The 767 with its ETOPS operation and wide enough fuselage will give FedEx an edge in cutting cost and adding the flexibility of a nimbler general purpose wide body aircraft than previously possible with the MD10F.
FedEx Express logistics system fleet wide common denominators are the 88”x108” and 88”x125” standard pallets because all the wide body aircraft can accommodate them 2 abreast (A300/310, MD10/11 777F and 767F). The 96”x125” pallet format however remains a niche item only ideally suited for the 777F and MD10F/-11F. In that respect the 767F is regrettably at a great disadvantage as it can only embark these pallets in a single line. Below deck, the LD-3 comes as the versatile medium also adopted fleet wide (narrow/wide body) even though the 767F appears naturally better suited for the narrower LD2 container.

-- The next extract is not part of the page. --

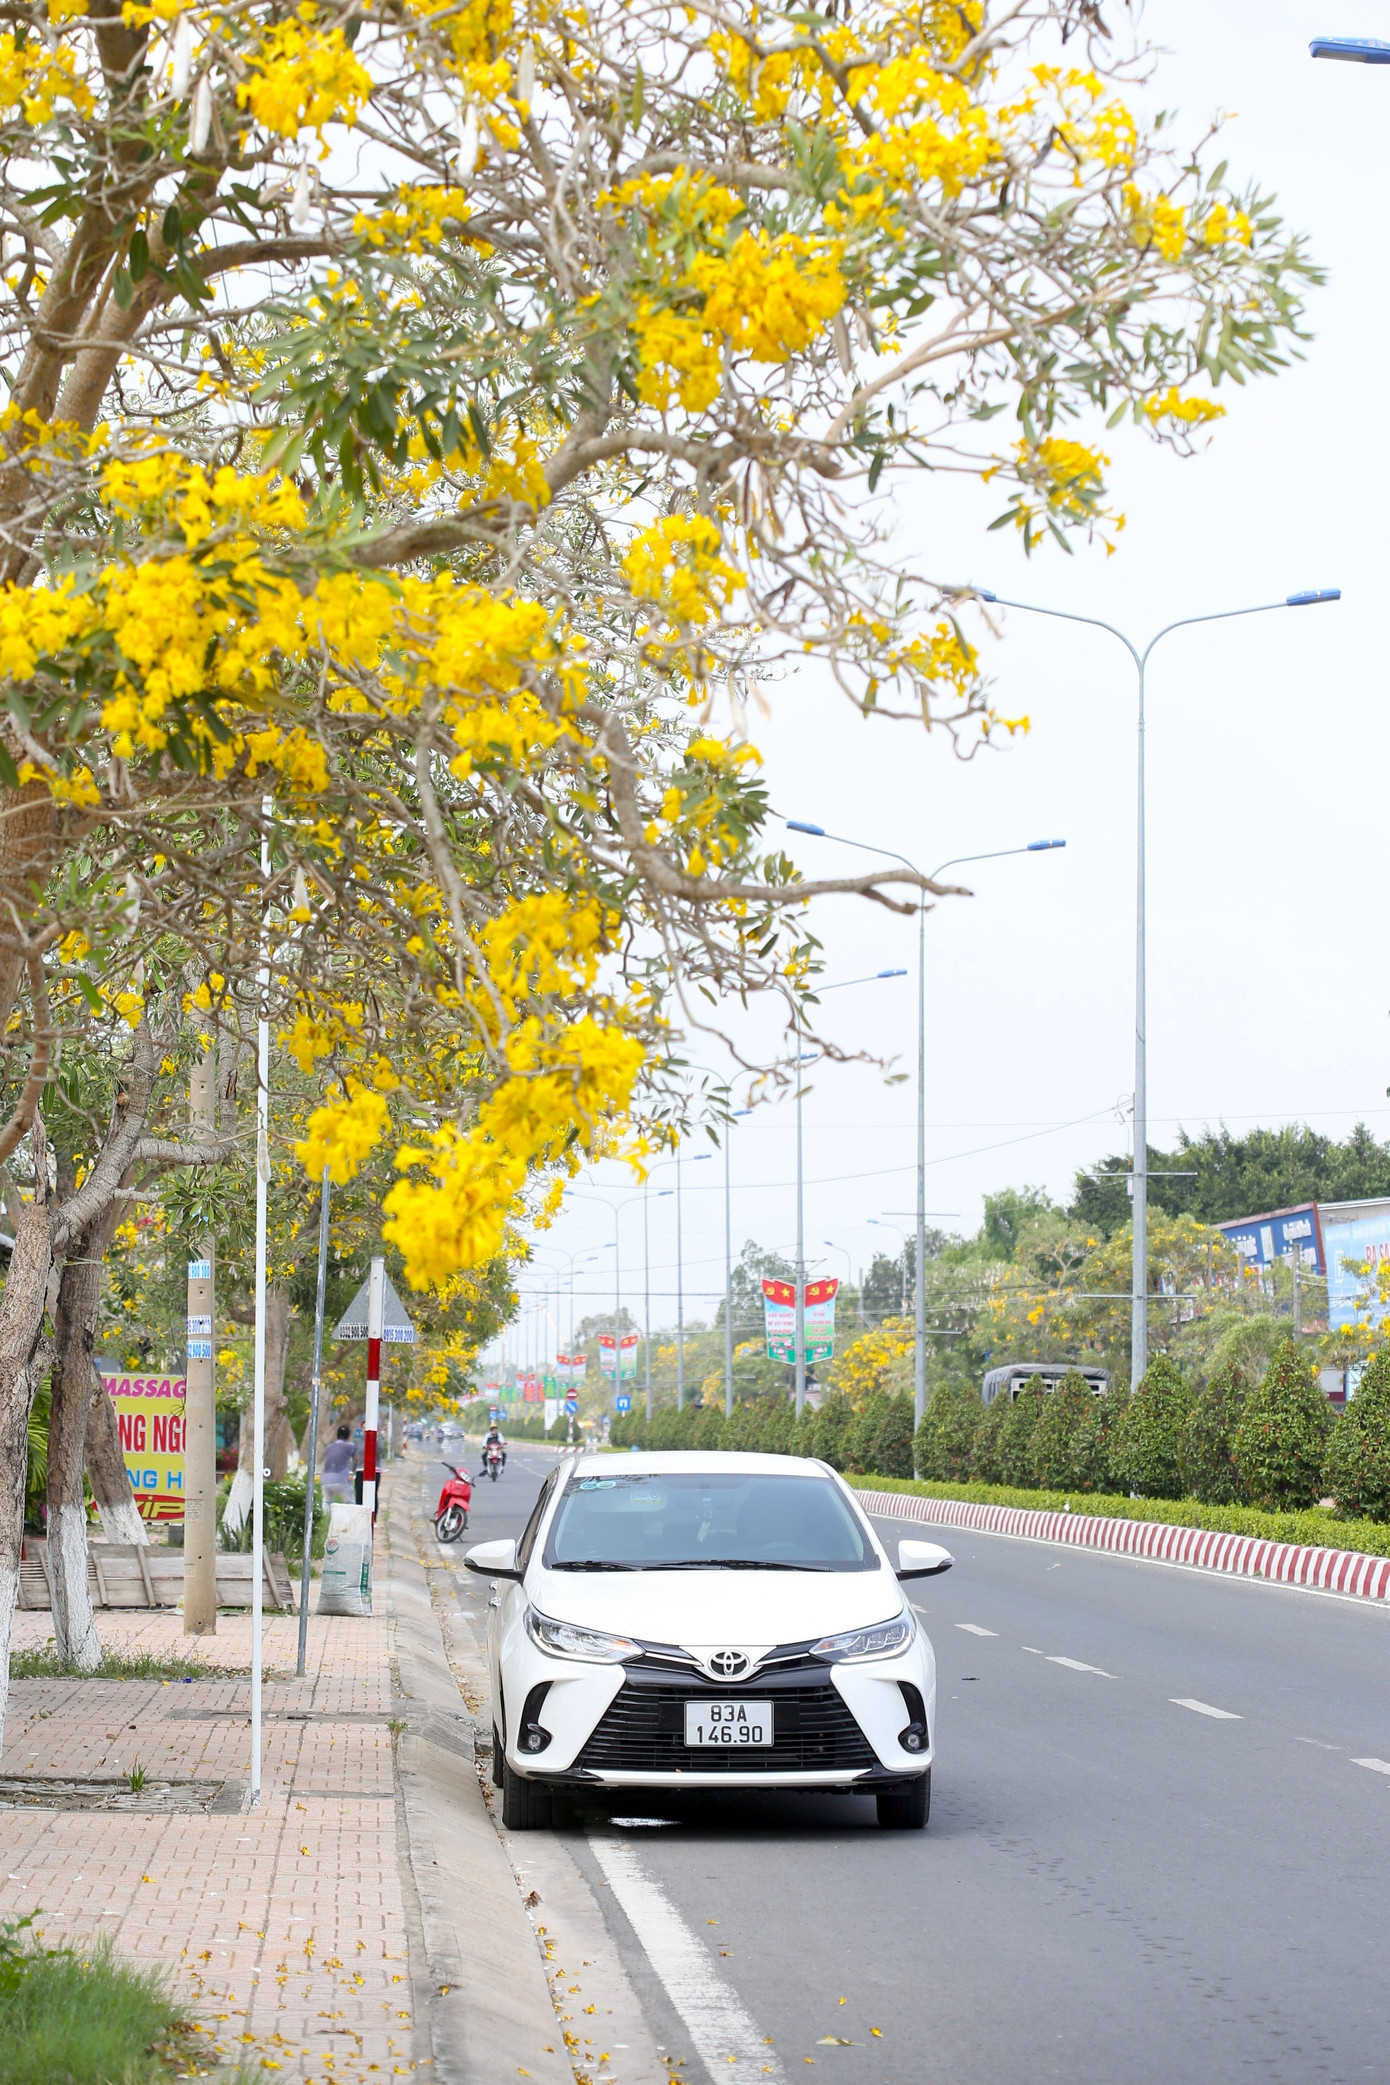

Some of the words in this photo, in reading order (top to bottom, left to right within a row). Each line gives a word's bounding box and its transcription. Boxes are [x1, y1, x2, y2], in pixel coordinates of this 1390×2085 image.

[102, 1378, 186, 1398] MASSAG
[710, 1704, 748, 1723] 83A
[696, 1725, 763, 1744] 146.90

Despite inefficient logistics integration between the 777F and 767F, FedEx Express strategy will prove beneficial.
Looking at industry’s trend we have seen Lufthansa Cargo deciding last year to replace MD-11F with 777F. Furthermore 747F operators will increasingly be faced with the difficult choice to upgrade to larger 747-8 (Cargolux, Atlas Air) or go for the 777F. FedEx Express early adoption of the 777F has already hedged it from its 100+ tonnes needs while ideally cushioning it for the post MD-11F era. Thus 767F may derive success simply from complementing 777F.